Summer Olympics appearances (overview)
- 1908; 1912; 1920–1932; 1936; 1948; 1952; 1956; 1960; 1964; 1968; 1972; 1976; 1980; 1984; 1988; 1992; 1996; 2000; 2004; 2008; 2012; 2016; 2020; 2024;

= Iceland at the 2016 Summer Olympics =

Iceland competed at the 2016 Summer Olympics in Rio de Janeiro, Brazil, from 5 to 21 August 2016. Since the nation's official debut in 1912, Icelandic athletes have appeared in every edition of the Summer Olympic Games, except for four occasions as a result of the worldwide Great Depression (1920 to 1932).

Due to the absence of the men's handball team, the National Olympic and Sports Association of Iceland sent the nation's smallest delegation to the Games for the first time since the 1968 Summer Olympics in Mexico City. A total of eight athletes, three men and five women, were selected to the Icelandic team, competing only in athletics, judo, swimming, and artistic gymnastics. Attending his third straight Olympics, heavyweight judoka Þormóður Jónsson had been chosen by the committee to carry the Icelandic flag in the opening ceremony. Along with Jónsson, four other athletes also returned for their second Olympic appearance, including javelin thrower Ásdís Hjálmsdóttir, top 12 finalist from London 2012, and swimmers Anton Sveinn McKee, Eygló Ósk Gústafsdóttir, and Hrafnhildur Lúthersdóttir.

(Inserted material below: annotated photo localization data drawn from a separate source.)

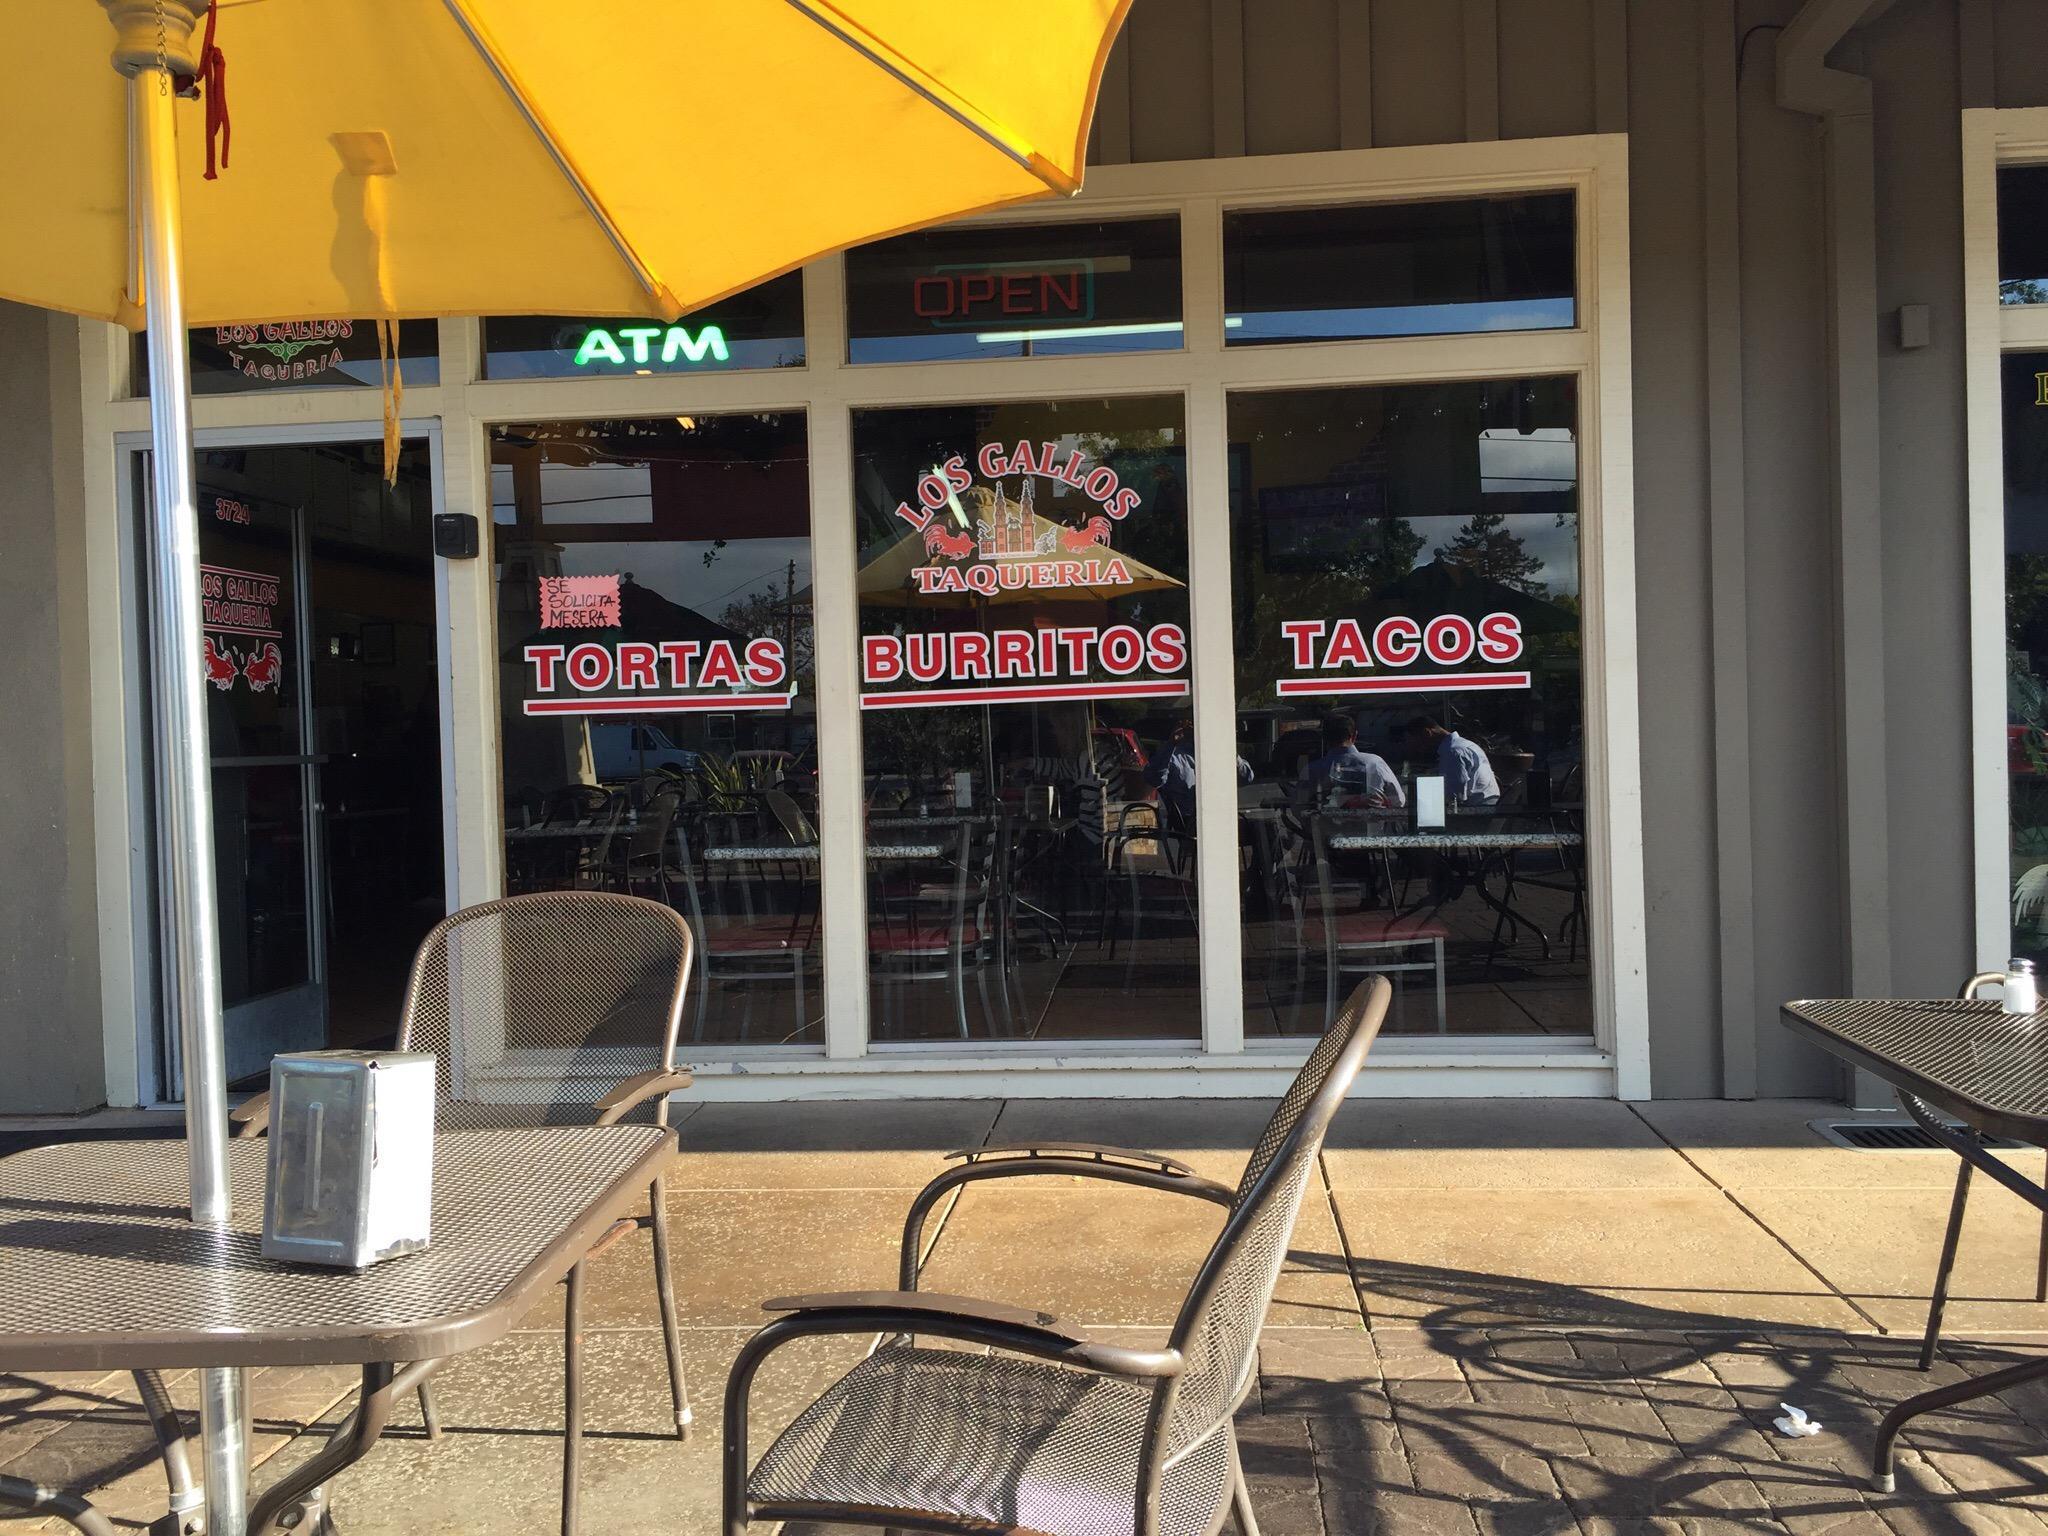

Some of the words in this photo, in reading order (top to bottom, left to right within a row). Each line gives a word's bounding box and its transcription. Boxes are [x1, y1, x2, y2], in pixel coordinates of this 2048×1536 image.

[914, 271, 1079, 317] OPEN
[216, 322, 259, 345] LOS
[263, 319, 353, 341] GALLOS
[574, 325, 730, 366] ATM
[229, 347, 344, 381] TAQUERIA
[895, 456, 972, 533] LOS
[978, 440, 1142, 520] GALLOS
[215, 498, 250, 525] 3724
[200, 573, 223, 599] OS
[226, 577, 278, 606] GALLOS
[546, 580, 570, 594] SE
[912, 559, 1133, 596] TAQUERIA
[203, 599, 272, 628] TAQUERIA
[548, 594, 615, 608] SOLICITA
[550, 609, 608, 626] MESERA
[862, 624, 1188, 684] BURRITOS
[1280, 612, 1524, 670] TACOS
[524, 638, 787, 692] TORTAS

Iceland, however, failed to win a single Olympic medal, since the 2008 Summer Olympics in Beijing, where the men's handball squad took the silver in a final match against France. Swimmers Lúthersdóttir (women's 100 m breaststroke) and Gústafsdóttir (women's 200 m backstroke) were the only Icelandic athletes progressing further to the final round for the first time since Örn Arnarson (men's 200 m backstroke) did so in 2000, but both of them finished off the podium.

==Athletics==

Icelandic athletes have so far achieved qualifying standards in the following athletics events (up to a maximum of 3 athletes in each event):

- Track & road events

| Athlete | Event | Heat |  | Semifinal |  | Final |  |
| Result | Rank | Result | Rank | Result | Rank |
| Aníta Hinriksdóttir | Women's 800 m | 2:00.14 NR | 6 | did not advance |  |  |  |

- Field events

| Athlete | Event | Qualification |  | Final |  |
| Distance | Position | Distance | Position |
| Guðni Valur Guðnason | Men's discus throw | 60.45 | 21 | did not advance |  |
| Ásdís Hjálmsdóttir | Women's javelin throw | 54.92 | 30 | did not advance |  |

== Gymnastics ==

===Artistic===
Iceland has entered one artistic gymnast into the Olympic competition, signifying the nation's sporting comeback after a 12-year hiatus. Russian-born Irina Sazonova became the first Icelandic female to book an Olympic spot in the apparatus and all-around events at the Olympic Test Event in Rio de Janeiro.

- Women

| Athlete | Event | Qualification |  |  |  |  |  | Final |  |  |  |  |  |
| Apparatus |  |  |  | Total | Rank | Apparatus |  |  |  | Total | Rank |
| V | UB | BB | F | V | UB | BB | F |
| Irina Sazonova | All-around | 13.800 | 13.500 | 12.900 | 13.000 | 53.200 | 40 | did not advance |  |  |  |  |  |

==Judo==

Iceland has qualified one judoka for the men's heavyweight category (+100 kg) at the Games. Þormóður Jónsson earned a continental quota spot from the European region, as the highest-ranked Icelandic judoka outside of direct qualifying position in the IJF World Ranking List of May 30, 2016.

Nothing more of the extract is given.